In order to confirm the defects observed in the constitutive Cyp2c44−/− mice, an inducible Cyp2c44 knockout strain (Cyp2c44iKO) was generated by breeding floxed 2C44 mice with CreERT2 mice. The postnatal deletion of genes is usually associated with a milder phenotype and treating the Cyp2c44iKO mice with tamoxifen (from P1 to P4) resulted in ~45% reduction in Cyp2c44 expression on P5 (Fig. 4A). Despite the incomplete downregulation of Cyp2c44 in the latter model the acute postnatal down-regulation of the enzyme increased vessel density without affecting vessel radial expansion (Fig. 4B), thus phenocopying the Cyp2c44−/− mice. Consistent with the increased endothelial cell proliferation observed in retinas from Cyp2c44−/− mice, ERG staining to mark endothelial cell nuclei was increased in Cyp2c44iKO retinas (Fig. 4C). This indicates that the increased vessel density could be mainly attributed to cell proliferation rather than a change in cell morphology. Also at the angiogenic front filopodia numbers were elevated in retinas from Cyp2c44iKO mice (Fig. 4D).

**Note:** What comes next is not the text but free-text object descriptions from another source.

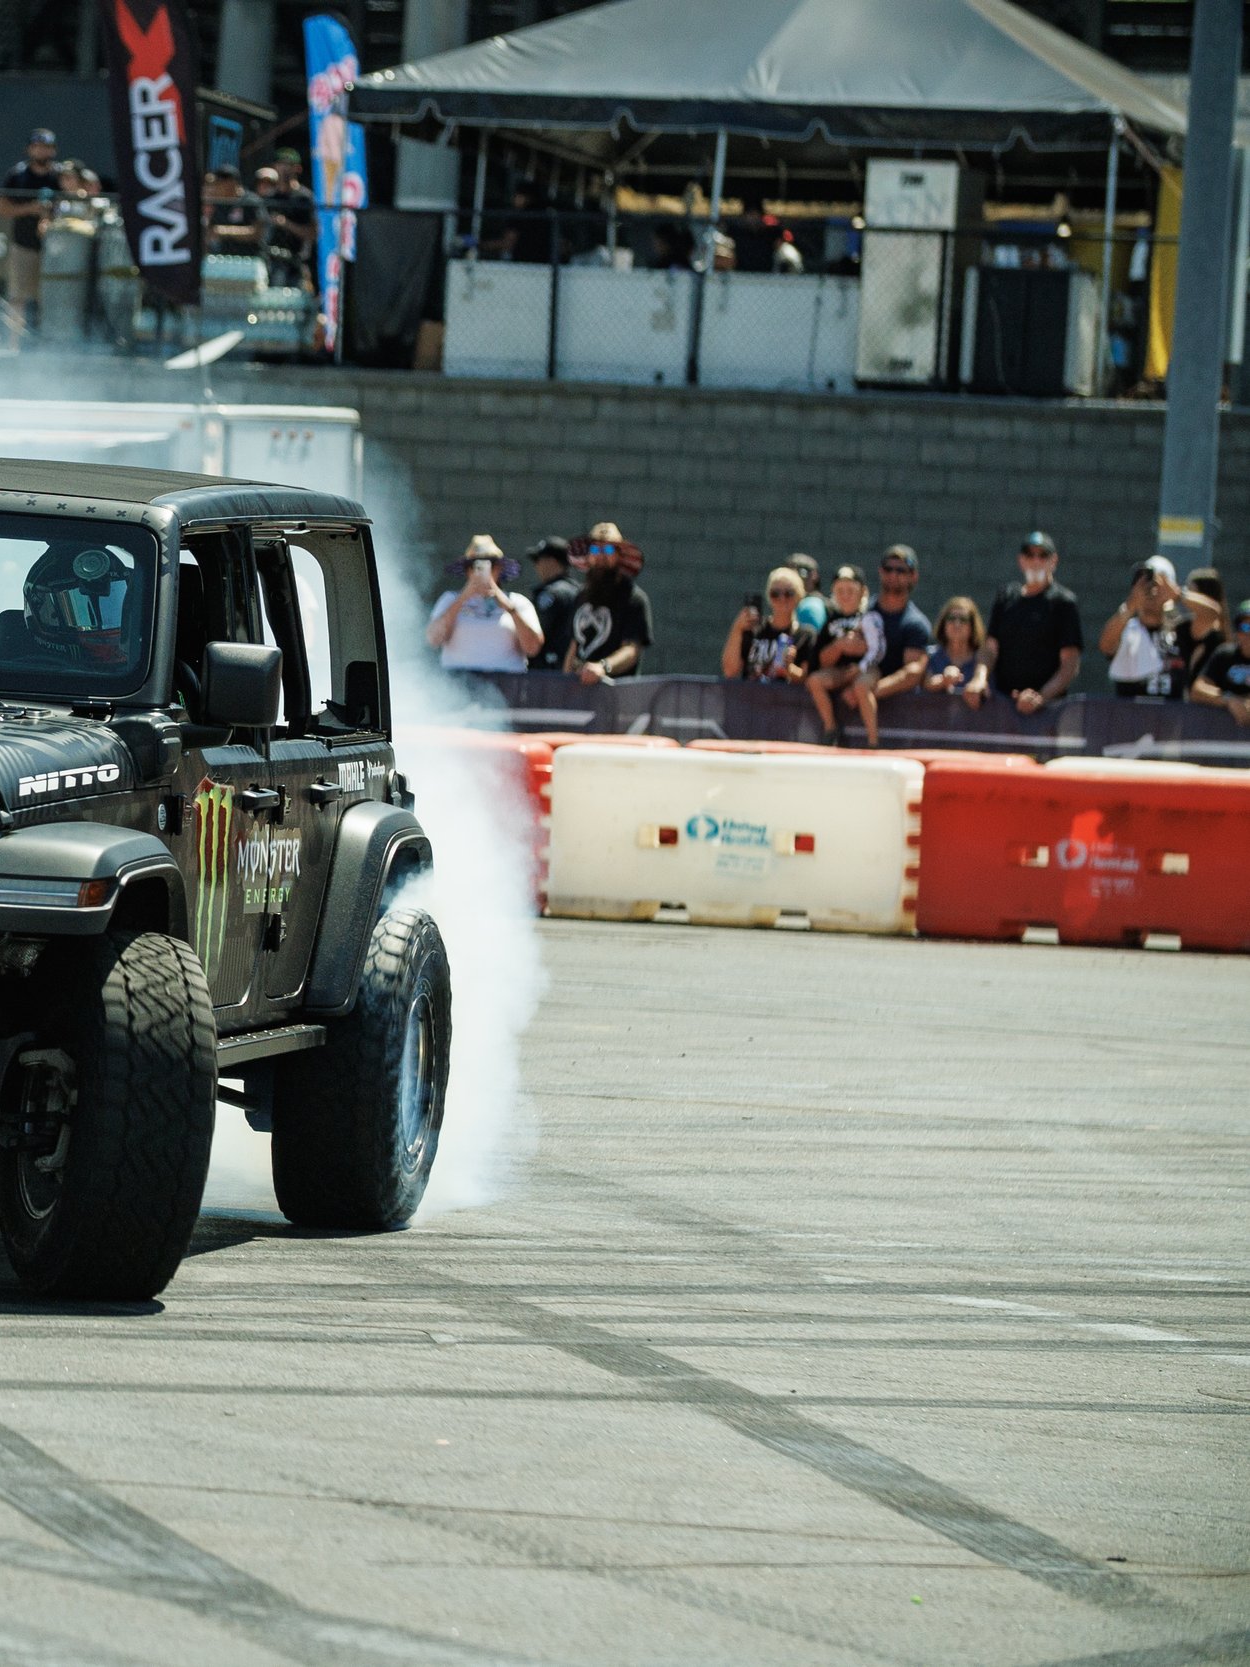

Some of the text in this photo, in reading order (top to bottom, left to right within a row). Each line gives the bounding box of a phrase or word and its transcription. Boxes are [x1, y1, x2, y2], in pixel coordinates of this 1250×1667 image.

[18, 763, 120, 797] NITTO
[338, 760, 365, 792] MAHLE
[237, 830, 301, 883] MONSTER
[245, 887, 291, 904] ENERGY
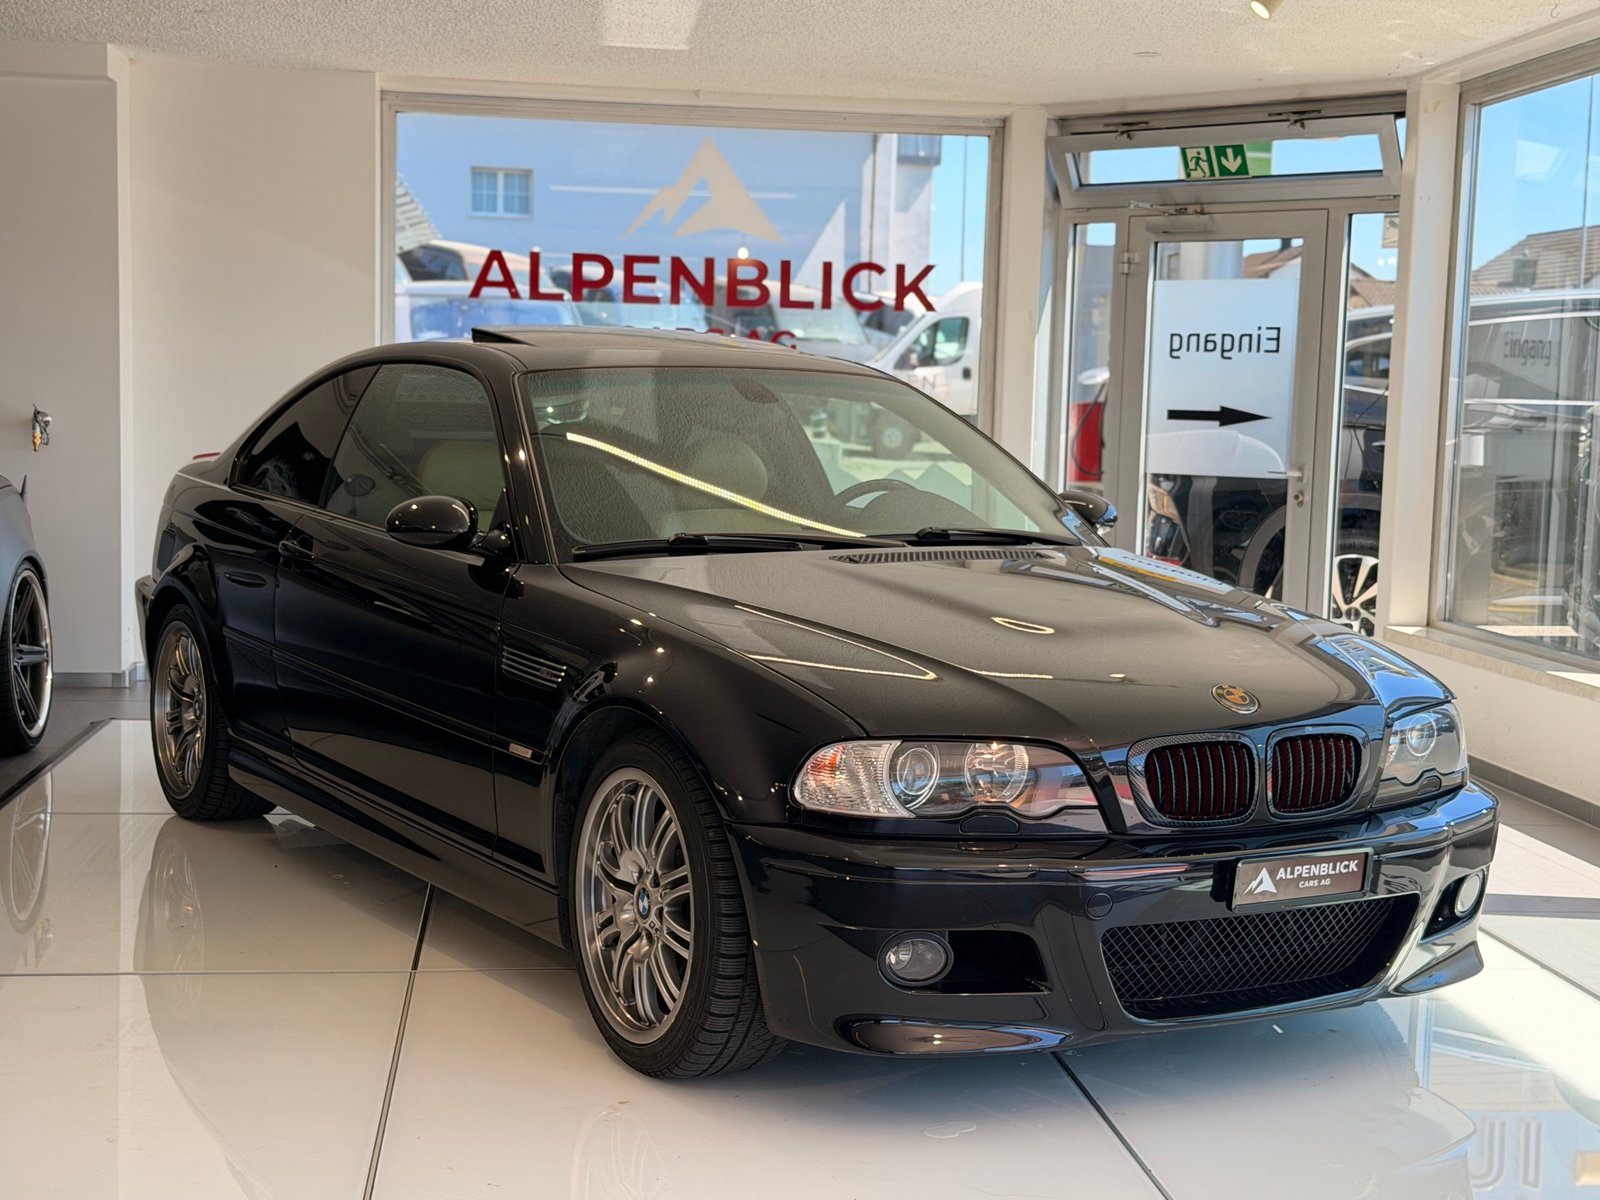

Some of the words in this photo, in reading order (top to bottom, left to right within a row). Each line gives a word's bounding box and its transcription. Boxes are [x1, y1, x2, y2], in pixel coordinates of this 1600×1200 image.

[468, 249, 937, 313] ALPENBLICK
[1276, 860, 1359, 880] ALPENBLICK
[1299, 879, 1318, 889] CARS
[1320, 878, 1331, 886] AG

Figure 4. Retinal angiogenesis following the acute knockout of Cyp2c44.
Wild-type (WT) or Cyp2c44iKO (iKO) mice were treated with tamoxifen from P1 to P4. (A) Cyp2c44 expression on P5 determined by RT-qPCR. (B) Isolectin B4 staining in retinal whole mounts from the same animals; bars = 500μm. White boxes indicated the cropped areas shown on the right panels; bar = 100 μm. (C) Quantification of vascularization. (D) Quantification of vessel of branching points in P5 retinas from wild-type and Cyp2c44iKO mice. (E) ERG (endothelial nuclear, red) and Isolectin B4 (green) staining in P5 retinas from wild-type and Cyp2c44iKO mice; bar = 100 μm. (F) High magnification images and quantification of Isolectin B4–stained tip cells and filopodia on P5 retinas. Bar = 20 μm. The graph summarises data from 5-9 mice in each group; **P<0.01, *** P<0.001.

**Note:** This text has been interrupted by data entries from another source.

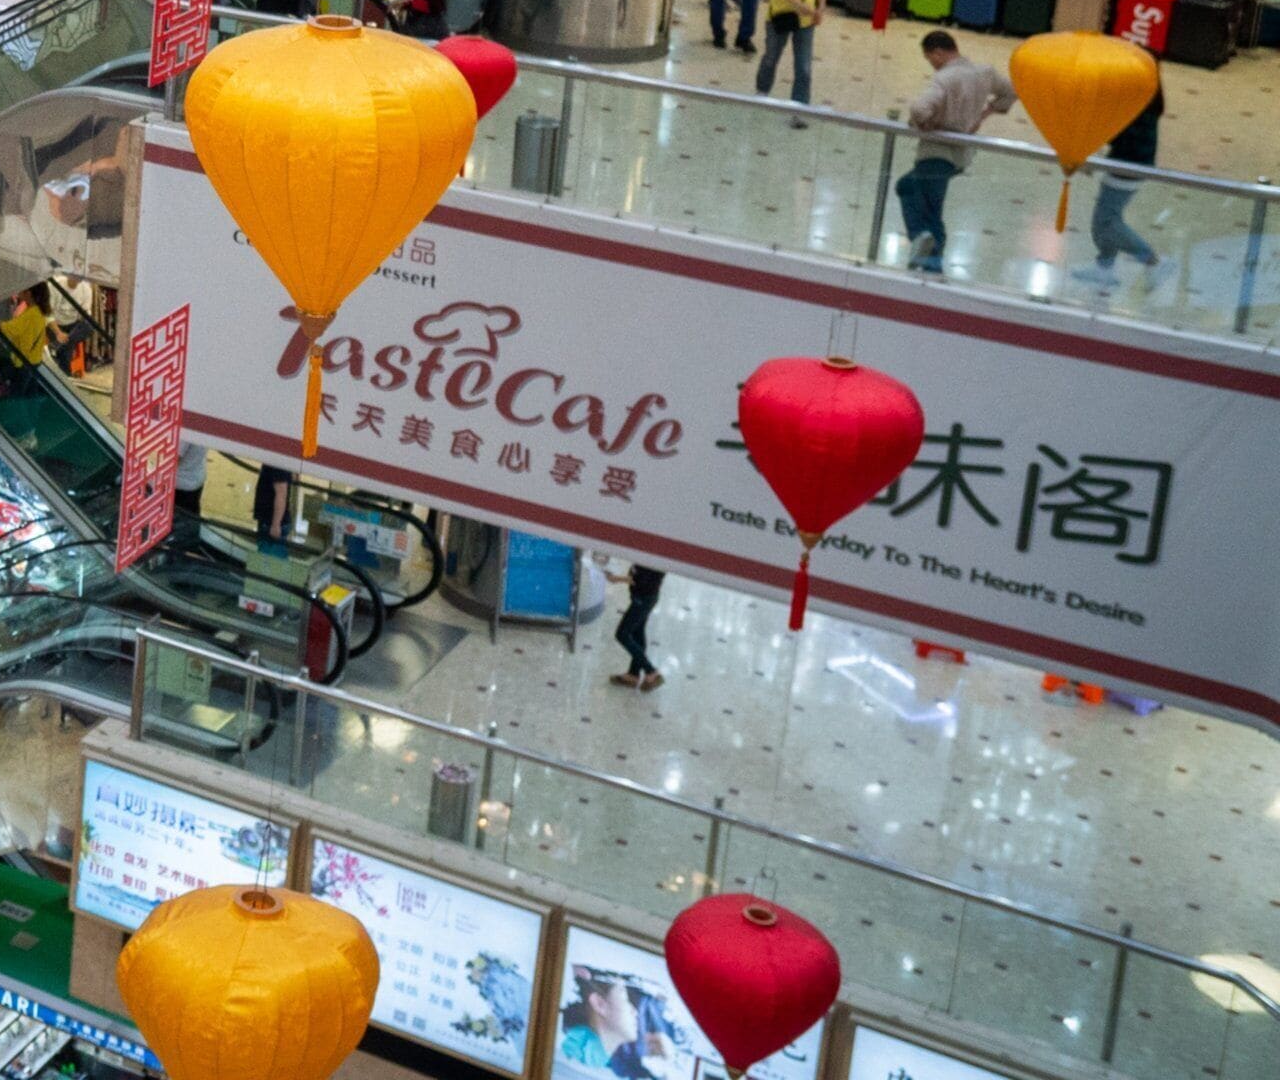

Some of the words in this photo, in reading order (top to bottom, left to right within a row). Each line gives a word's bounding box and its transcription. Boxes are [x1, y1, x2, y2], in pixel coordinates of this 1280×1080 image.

[392, 238, 436, 266] 品
[709, 502, 767, 531] Taste
[774, 515, 876, 560] Evyday
[882, 544, 912, 568] To
[919, 553, 961, 581] The
[970, 566, 1056, 605] Heart's
[1065, 591, 1146, 627] Desire

3.3. Consequences of Cyp2c44 deletion on gene expression
The increase in vascular diameter at the angiogenic front was reminiscent of the effects elicited by Notch inhibition which triggers the excessive formation of tip cells, increased sprouting and branching, and endothelial hyperproliferation [32]. Indeed, the expression of Notch 1, Dll1 Hes1 and Hey1 were all attenuated in retinas from 5 day old Cyp2c44−/− mice versus their wild-type littermates (Fig. 5A). In the same samples there was a tendency towards increased VEGF expression that failed to reach significance, a decrease in angiopoietin I and an increase in platelet-derived growth factor A expression (Fig. 5B).

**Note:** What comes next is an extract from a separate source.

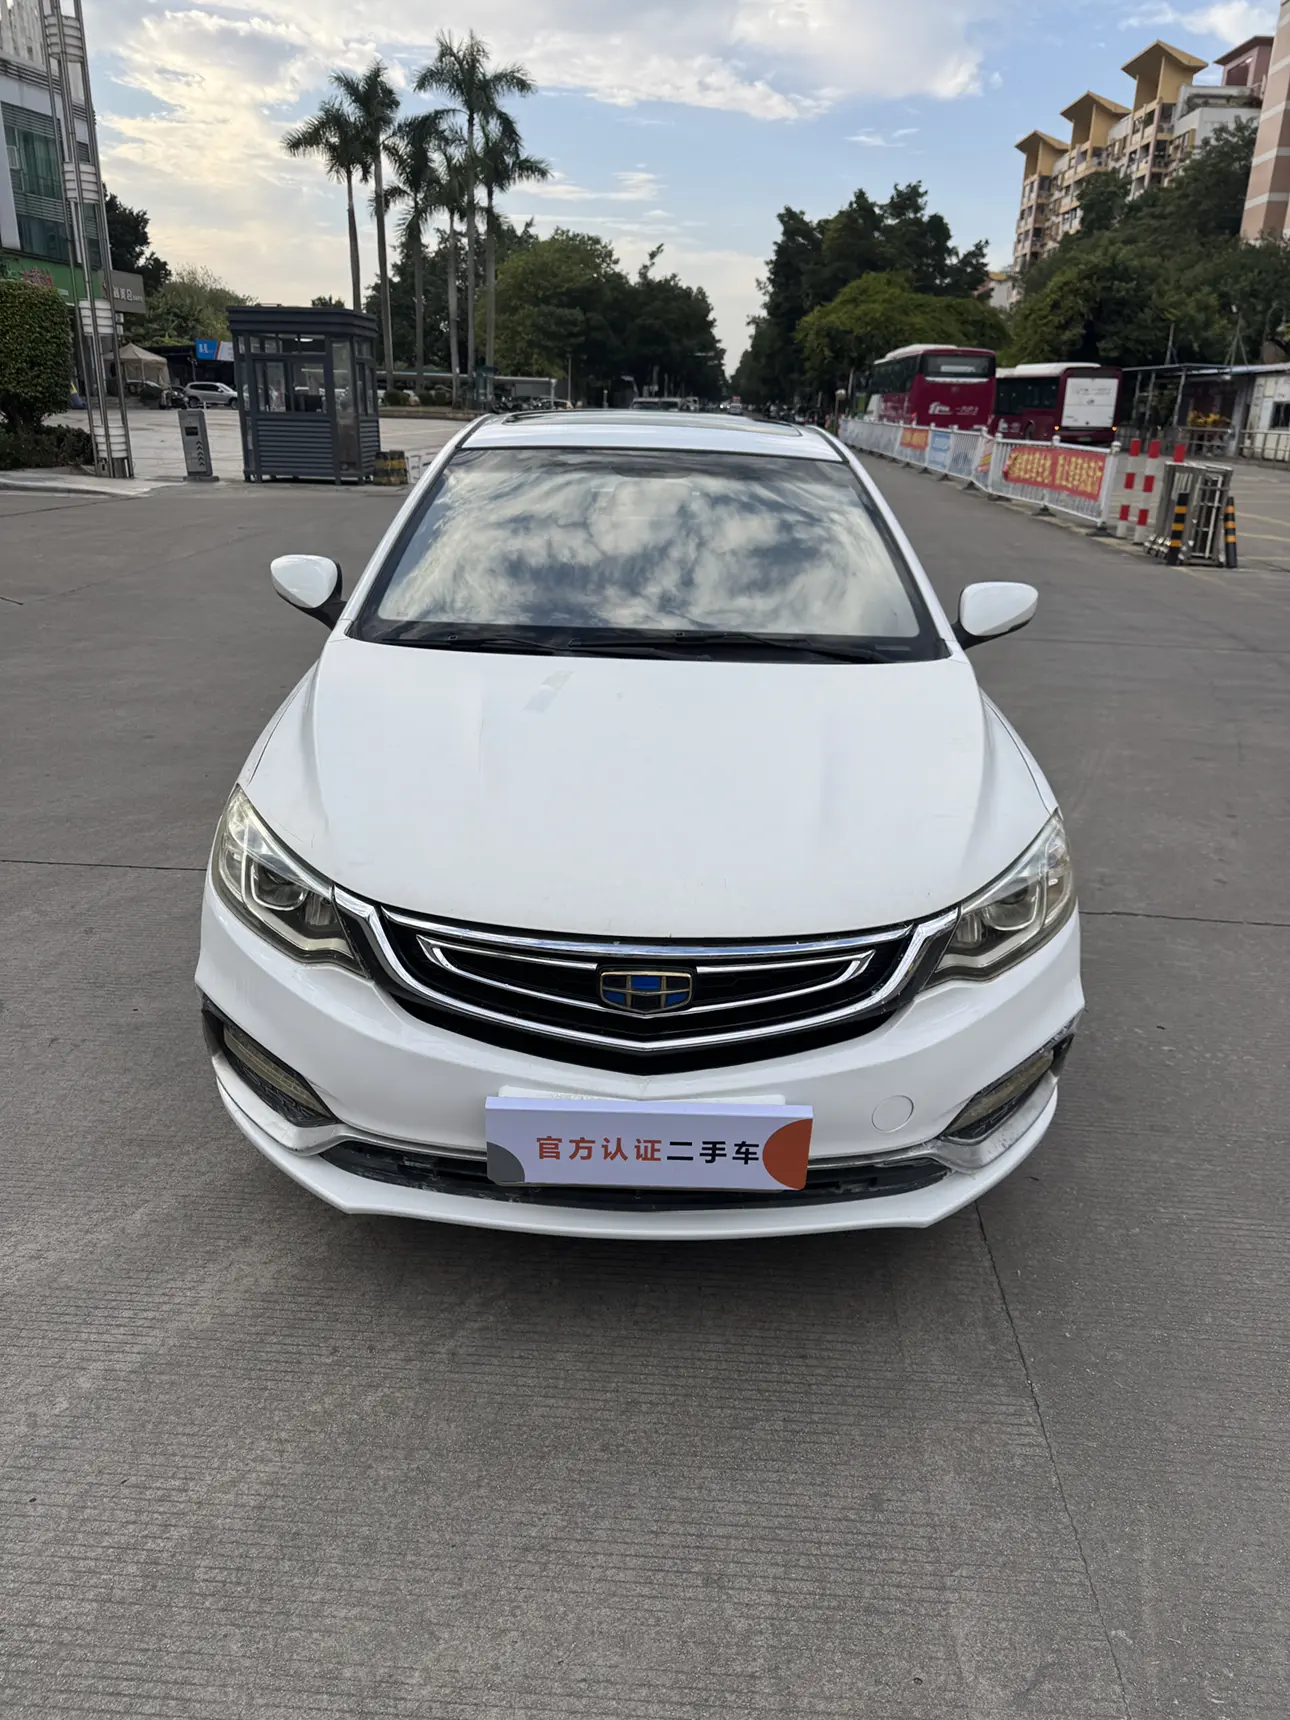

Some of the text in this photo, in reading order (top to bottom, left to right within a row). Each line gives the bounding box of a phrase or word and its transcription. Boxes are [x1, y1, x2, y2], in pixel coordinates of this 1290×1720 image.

[536, 1135, 760, 1165] 官方认证二手车

Figure 5. Attenuated of Notch signaling in Cyp2c44−/− mice.
(A) Expression of genes of interest (GOI) involved in Notch signaling was assessed in P5 retinas from wild-type (WT) and Cyp2c44−/− (−/−) mice. (B) Expression of VEGF, angiopoietin I (AngI) and platelet-derived growth factor A (pdgfa) expression in P5 retinas from wild-type and Cyp2c44−/− mice. The graphs summarize data from 5-9 mice in each group; *P<0.05, *P<0.01.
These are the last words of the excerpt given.